ABOUT THIS TASK: Could you transcribe the records below exactly, leaving out every picture?

Annotated photo localization data
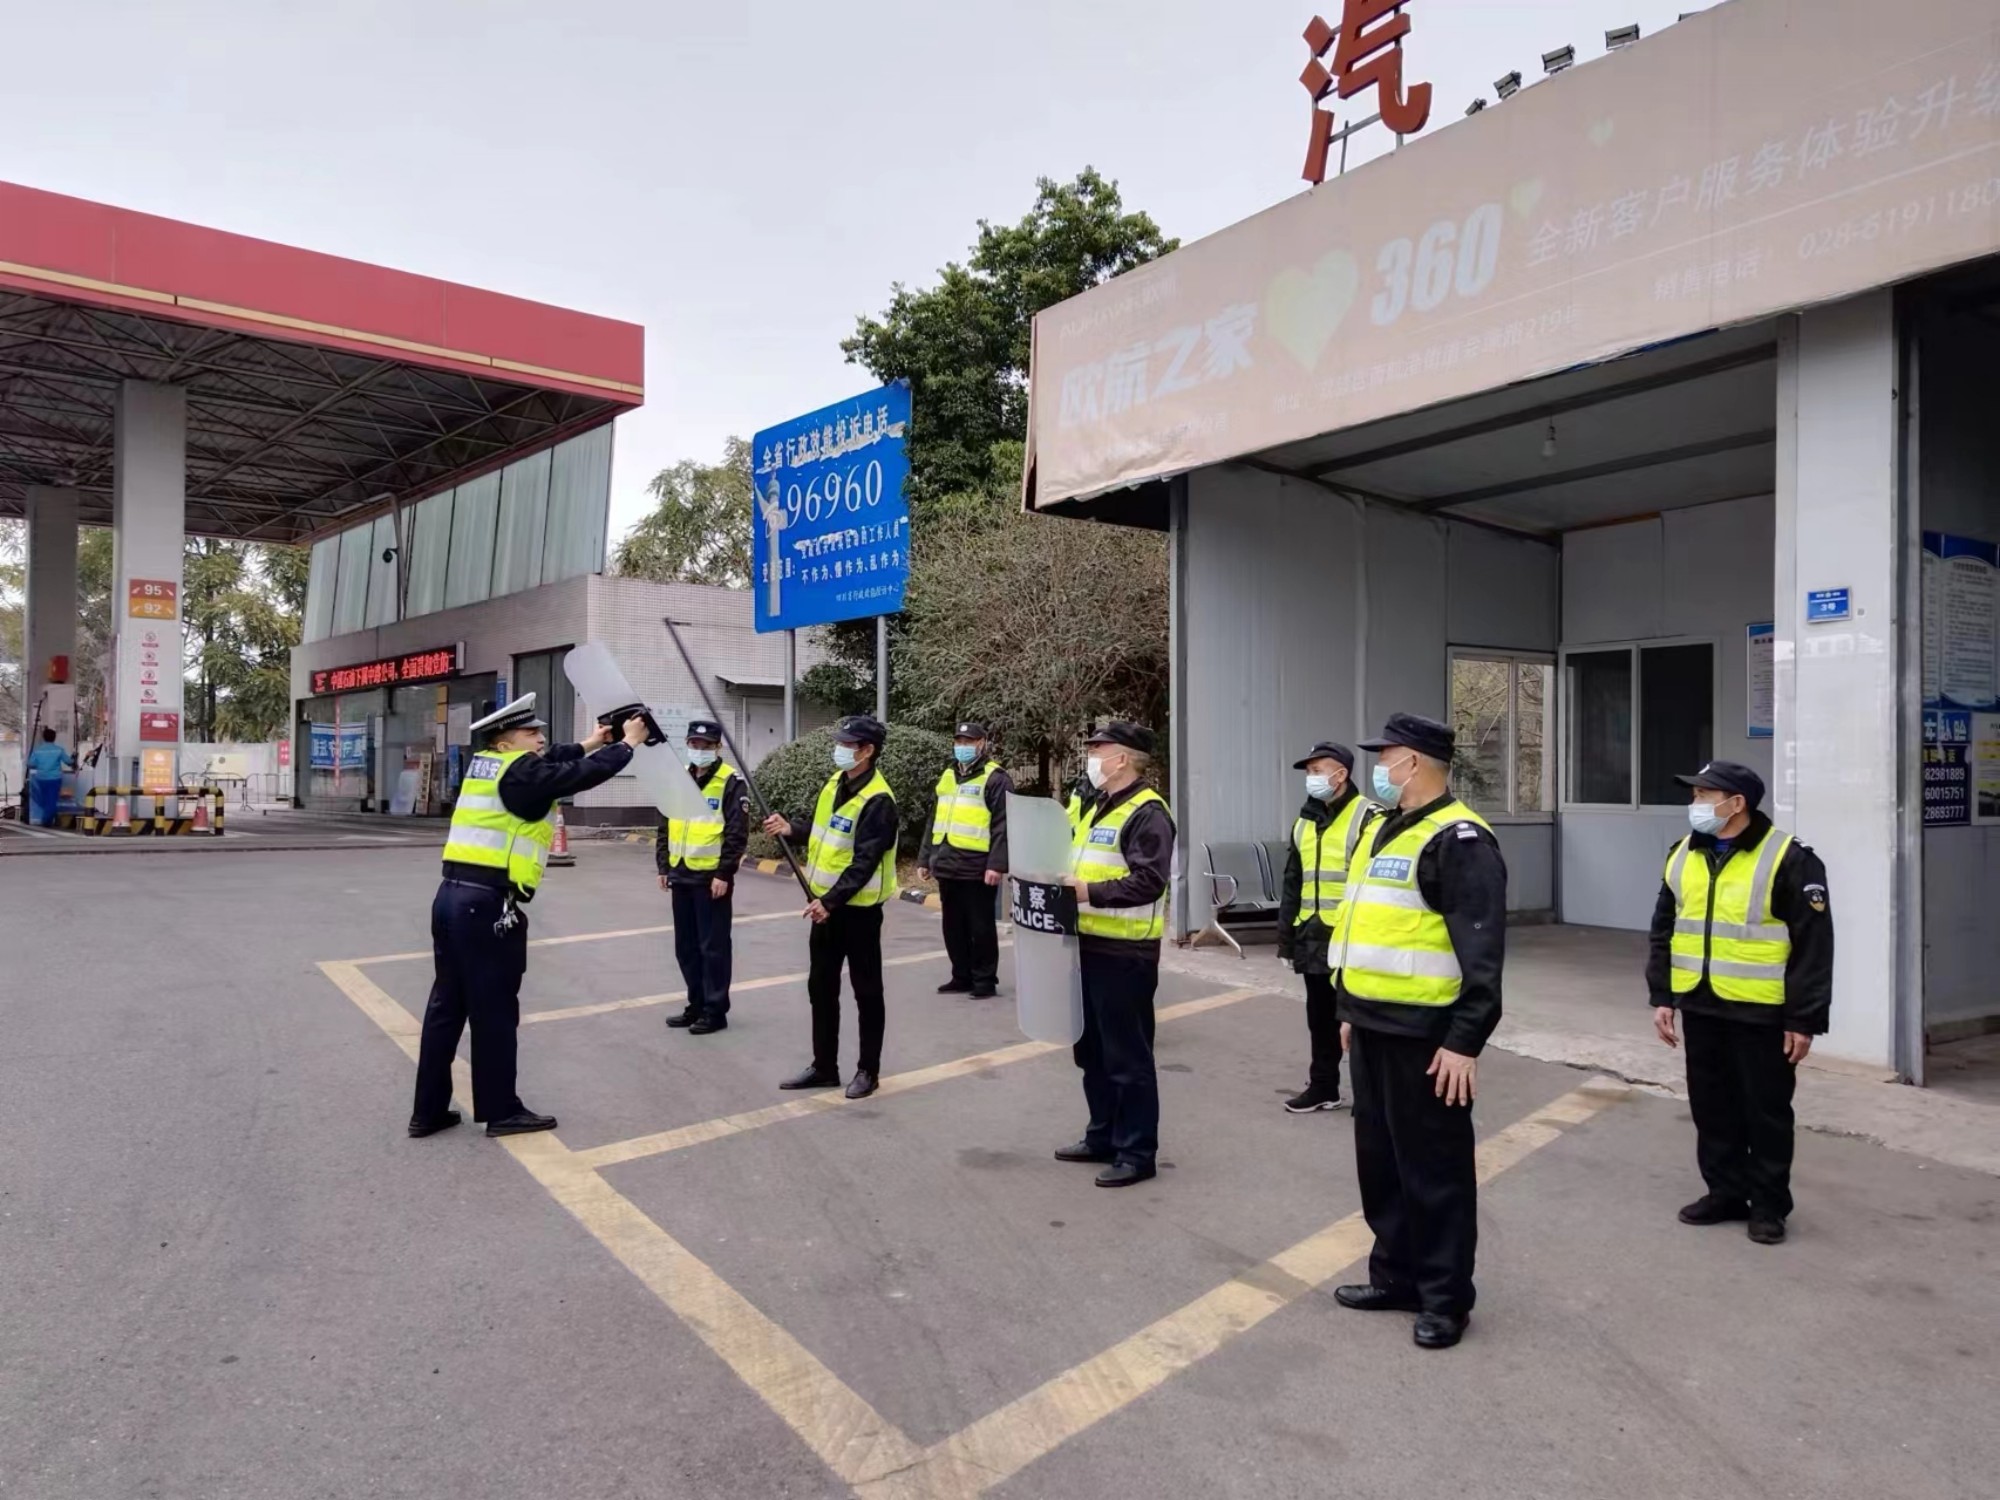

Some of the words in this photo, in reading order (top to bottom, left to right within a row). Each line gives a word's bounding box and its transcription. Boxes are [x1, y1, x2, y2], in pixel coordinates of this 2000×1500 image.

[1371, 203, 1502, 327] 360
[1058, 301, 1258, 430] 欧航之家
[787, 460, 883, 529] 96960
[144, 584, 162, 596] 95
[144, 602, 162, 614] 92
[1013, 905, 1055, 930] OLICE
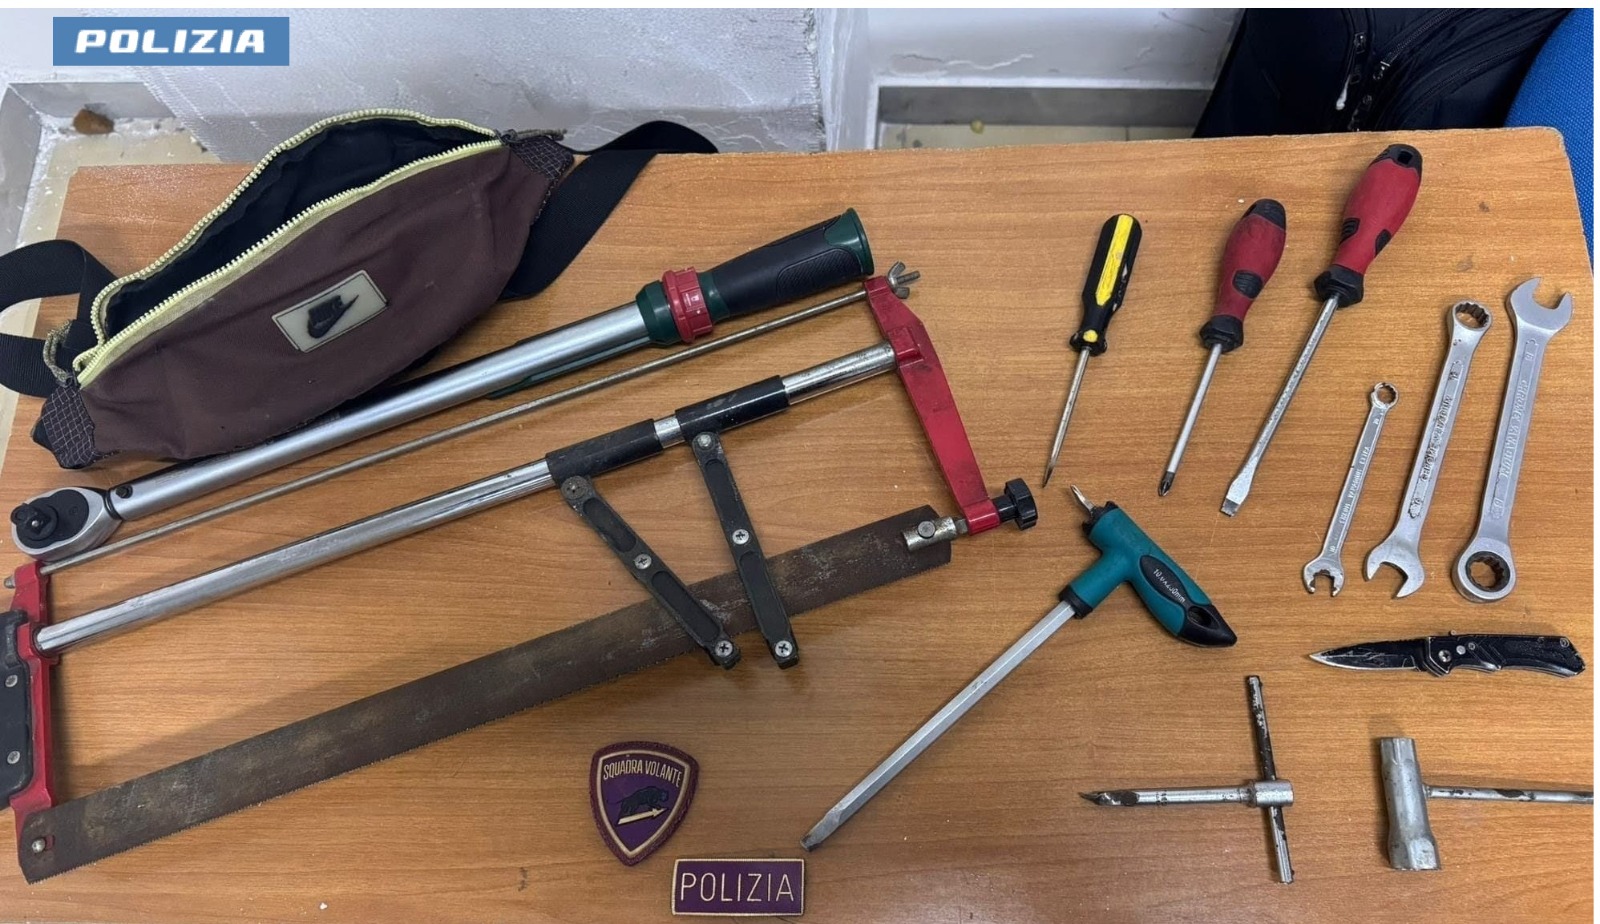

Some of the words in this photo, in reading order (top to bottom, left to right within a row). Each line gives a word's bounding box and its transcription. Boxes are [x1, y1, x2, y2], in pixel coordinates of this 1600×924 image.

[1419, 443, 1439, 482] CHROME
[603, 759, 643, 781] SQUADRA
[645, 760, 682, 788] VOLANTE
[680, 872, 794, 902] POLIZIA

EXERCISE ANSWER:
Some of the words in this photo, in reading order (top to bottom, left to right within a row). Each line gives a word's bounding box and its transcription. Boxes are [x1, y1, x2, y2], in pixel coordinates of this 2000×1500 image.

[1371, 203, 1502, 327] 360
[1058, 301, 1258, 430] 欧航之家
[787, 460, 883, 529] 96960
[144, 584, 162, 596] 95
[144, 602, 162, 614] 92
[1013, 905, 1055, 930] OLICE

Some of the words in this photo, in reading order (top to bottom, left to right within a row). Each line gives a word's bounding box and its transcription. Boxes are [x1, y1, x2, y2], in pixel coordinates of this 1600×924 image.

[1419, 443, 1439, 482] CHROME
[603, 759, 643, 781] SQUADRA
[645, 760, 682, 788] VOLANTE
[680, 872, 794, 902] POLIZIA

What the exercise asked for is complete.